Deux inaugurations en 48h pour marquer le territoire. En déplacement dans le Haut-Lomami, le président Félix Tshisekedi a mis en service mercredi l’usine de traitement d’eau de Kamina, puis jeudi un centre hospitalier moderne à Kaniama-Kasese. Double signal à l’approche de 2028: le chef de l’Etat veut prouver qu’il équipe la province et tient ses promesses électorales. Dans une province minière longtemps en manque d’infrastructures de base, Kinshasa déploie 13 millions de dollars pour l’eau potable à Kamina et ouvre un hôpital équipé à Kaniama-Kasese. Objectif: réduire la dépendance aux forages et rapprocher les soins des populations. Portée par l’Agence congolaise des grands travaux -ACGT- et présentée comme un modèle à répliquer à Kananga, au Kasai central, l’usine de Kamina, d’un coût de 13 millions de dollars, doit produire 7.000 m3 d’eau potable par jour. La deuxième phase du projet a permis la pose de 5 km de conduites pour relier l’ouvrage au château d’eau de la ville. A Kaniama-Kasese, le nouveau centre hospitalier est présenté comme équipé de «matériels de dernière génération».

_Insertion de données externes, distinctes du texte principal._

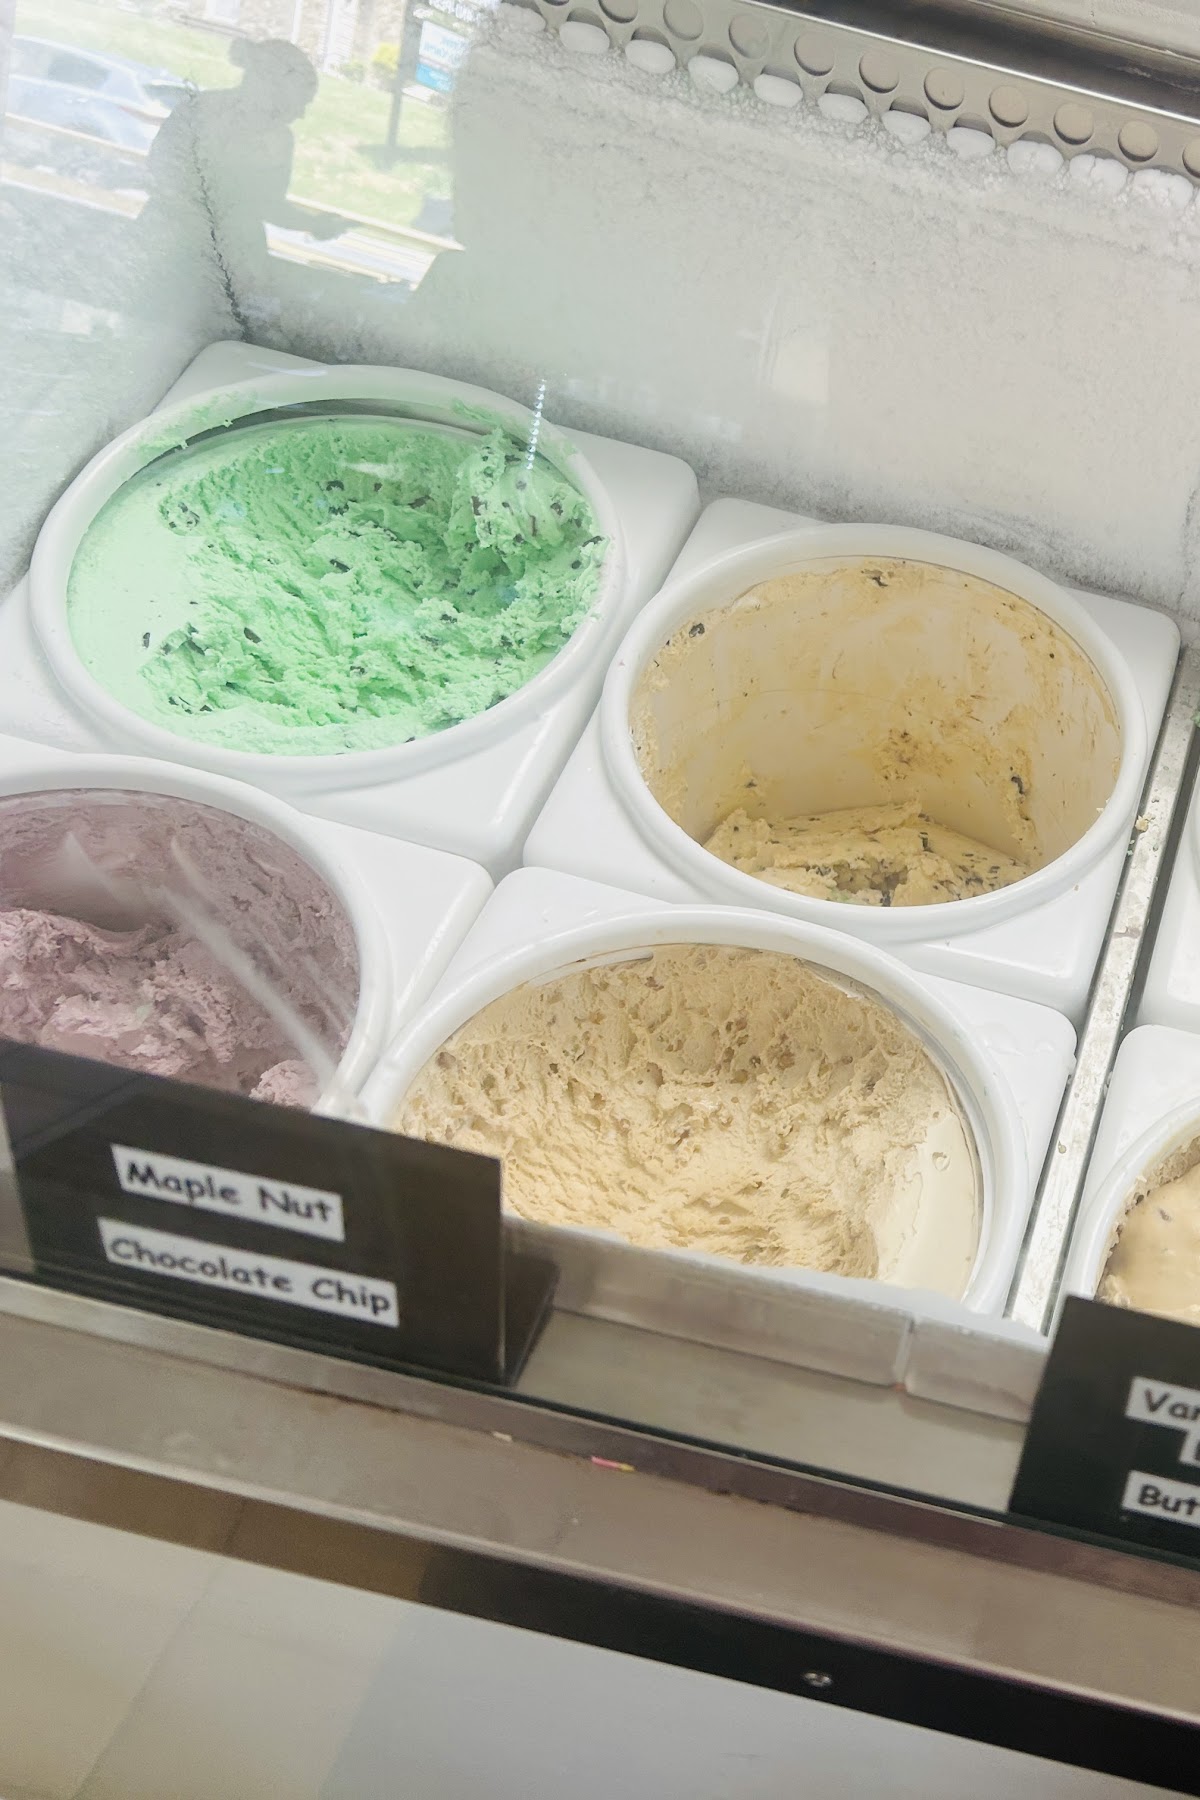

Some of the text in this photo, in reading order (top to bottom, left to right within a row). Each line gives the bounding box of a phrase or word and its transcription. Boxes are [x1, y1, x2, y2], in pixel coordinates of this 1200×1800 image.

[127, 1161, 332, 1223] Maple Nut
[111, 1237, 390, 1316] Chocolate Chip

Kamina: tourner la page des forages ensablés
Devant autorités provinciales, corps diplomatique et population, le Chef de l’État a coupé le ruban symbolique et dévoilé la plaque inaugurale de l’usine de captage et de traitement d’eau. Réalisé par l’ACGT, l’ouvrage a été conçu en deux phases. La première: bâtiments, équipements de captage, de traitement et de stockage. La seconde: pose de 5 km de conduites en fonte jusqu’au château d’eau du quartier de consommation.Avec ses 7.000 m3/jour, l’usine doit desservir des milliers de ménages et d’activités économiques. Elle est versée au patrimoine de la REGIDESO et vient en appui aux sept forages de Lukoka, «souvent ensablés», qui alimentaient jusqu’ici la ville.

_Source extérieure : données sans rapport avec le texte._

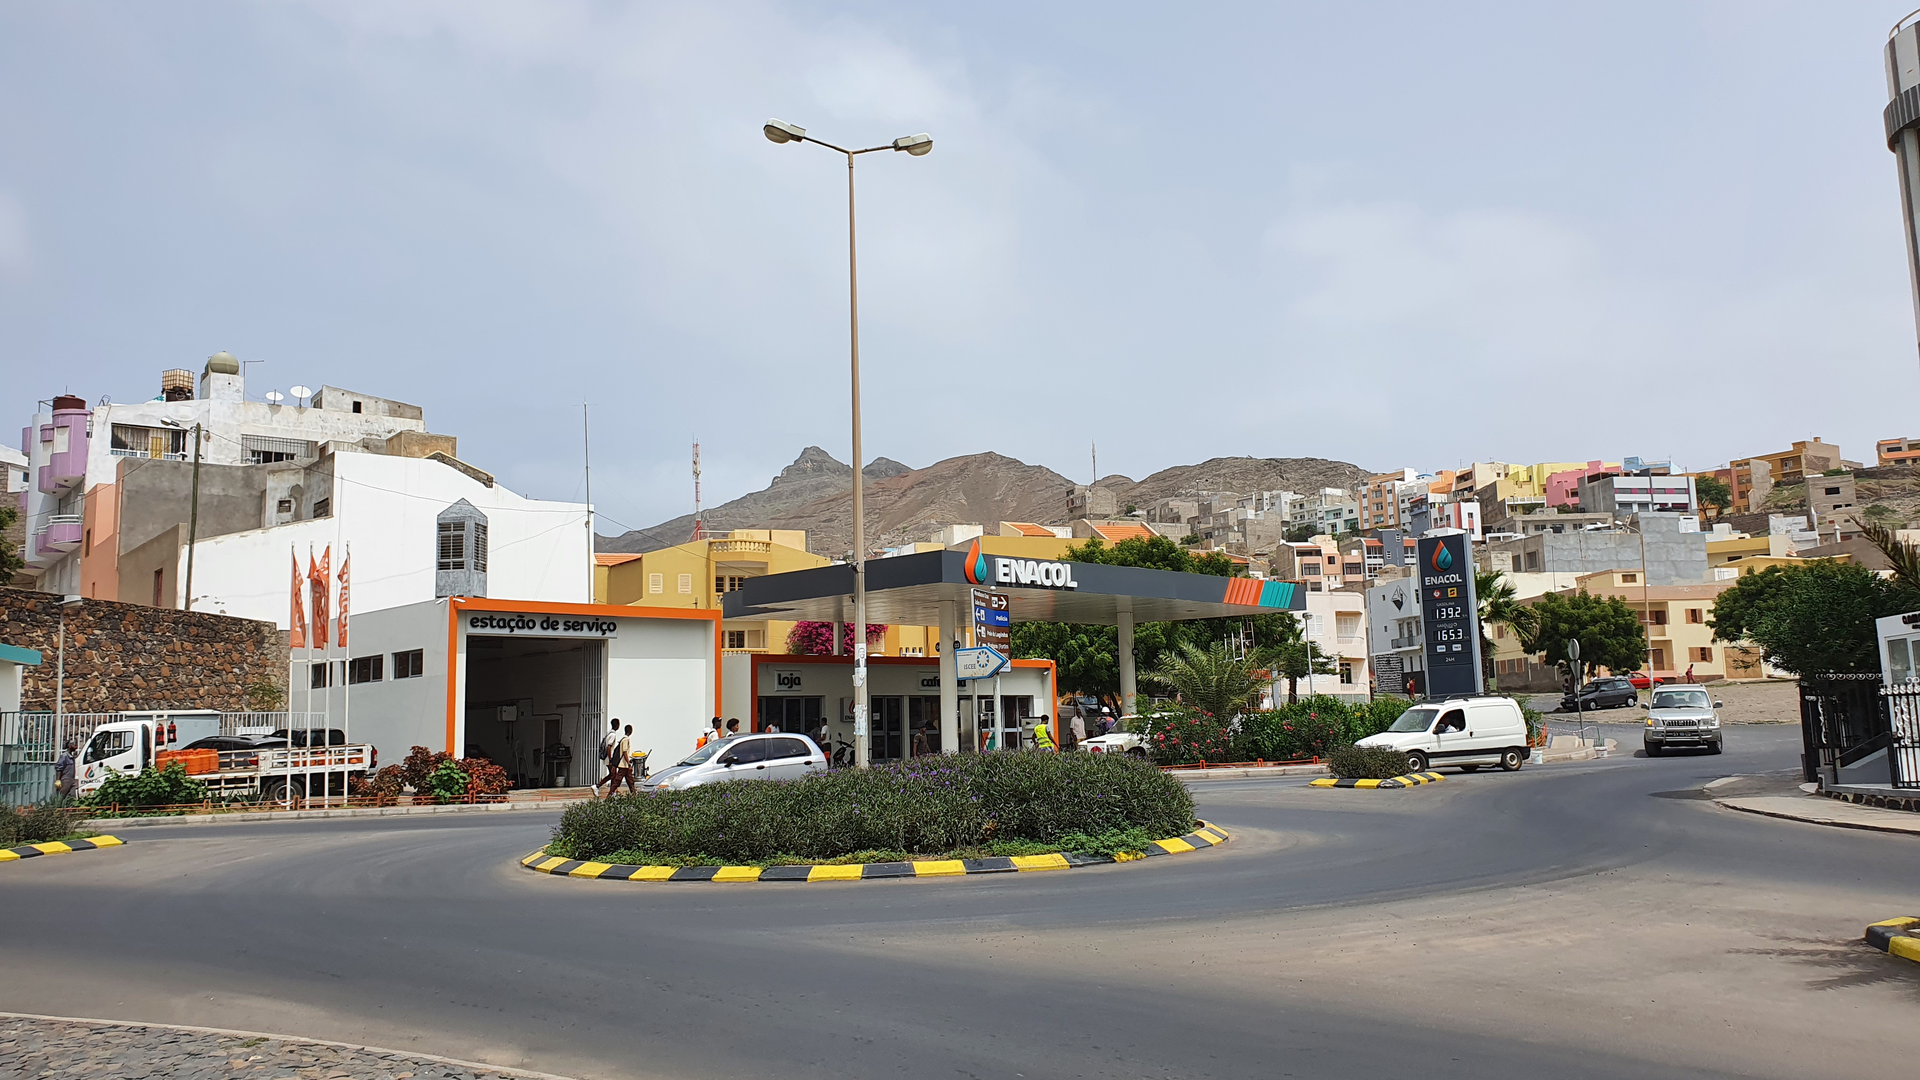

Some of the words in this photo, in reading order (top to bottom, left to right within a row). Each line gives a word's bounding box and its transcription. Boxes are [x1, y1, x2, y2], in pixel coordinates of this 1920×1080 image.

[994, 558, 1078, 588] ENACOL
[1424, 574, 1463, 585] ENACOL
[1436, 606, 1461, 619] 139.2
[469, 614, 536, 633] estação
[540, 616, 560, 631] de
[563, 618, 617, 636] serviço
[1437, 628, 1463, 641] 165.3
[777, 673, 802, 689] loja

«Ce projet contribuera à renforcer durablement la santé et le bien-être des habitants en évitant des maladies hydriques dues à l’utilisation d’eau non traitée», a souligné le DG de l’ACGT, Nico Nzau Nzau. Le ministre des Ressources hydrauliques, Aimé Sakombi Molendo, présent aux côtés de son collègue des Infrastructures John Banza Lunda, du gouverneur et de l’ambassadeur de Chine, a annoncé la réplication du modèle à Kananga et dans trois autres villes du pays.

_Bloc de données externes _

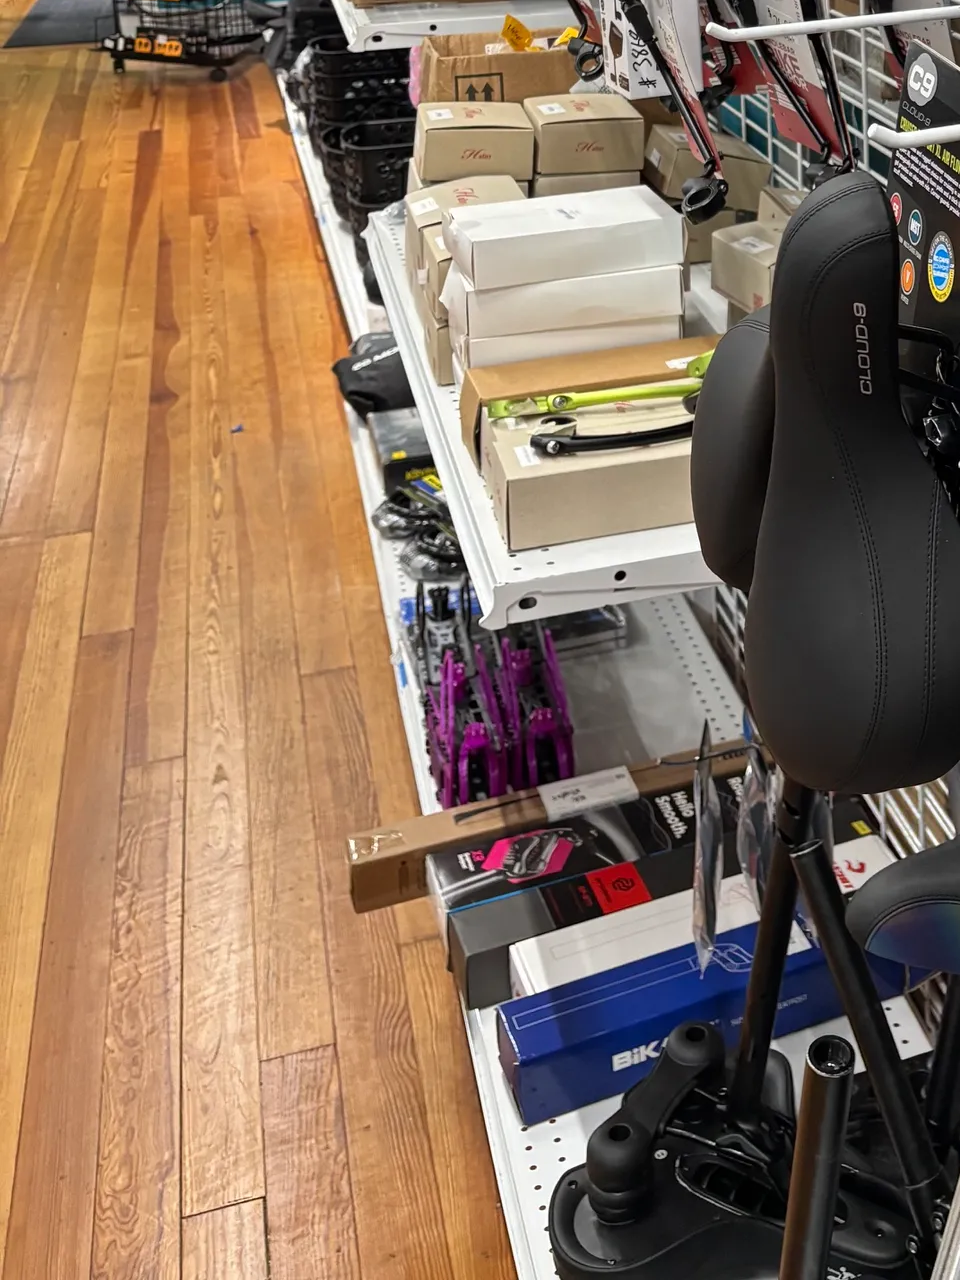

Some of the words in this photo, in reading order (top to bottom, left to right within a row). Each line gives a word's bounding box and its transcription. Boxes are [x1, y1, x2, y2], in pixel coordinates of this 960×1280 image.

Kaniama-Kasese: un hôpital pour désenclaver les soins
Le lendemain, cap sur Kaniama-Kasese. Même rituel républicain: ruban aux couleurs jaune-rouge-bleu coupé devant l’entrée du nouveau centre hospitalier.Juste après, le président a épinglé une distinction sur l’uniforme du lieutenant général Jean-Pierre, responsable de la réalisation de l’ouvrage, sous les applaudissements d’une foule nombreuse. Il a ensuite visité les différents services. Départ par la réception pour les consultations, puis les autres départements. Selon le commentaire officiel, l’établissement est doté de «matériels de dernière génération». Le chef de l’Etat était entouré de son cabinet, de responsables militaires et de personnel de santé en blouse bleue et jaune. Dans le Haut-Lomami, province minière du sud-est, les structures sanitaires de référence manquent. Les autorités présentent ce centre comme une réponse directe à ce déficit. Aucune date n’a encore été communiquée pour l’ouverture effective au public.
Un signal politique avant 2028
Entre l’eau à Kamina et la santé à Kaniama-Kasese, le pouvoir met en avant son agenda social en province. Kamina, ville carrefour et base militaire stratégique, souffrait d’un déficit chronique en eau. Kaniama-Kasese, elle, attendait un hôpital de référence. La coopération sino-congolaise est mise en avant pour l’usine. Le modèle «usine + conduites + château» doit désormais être dupliqué.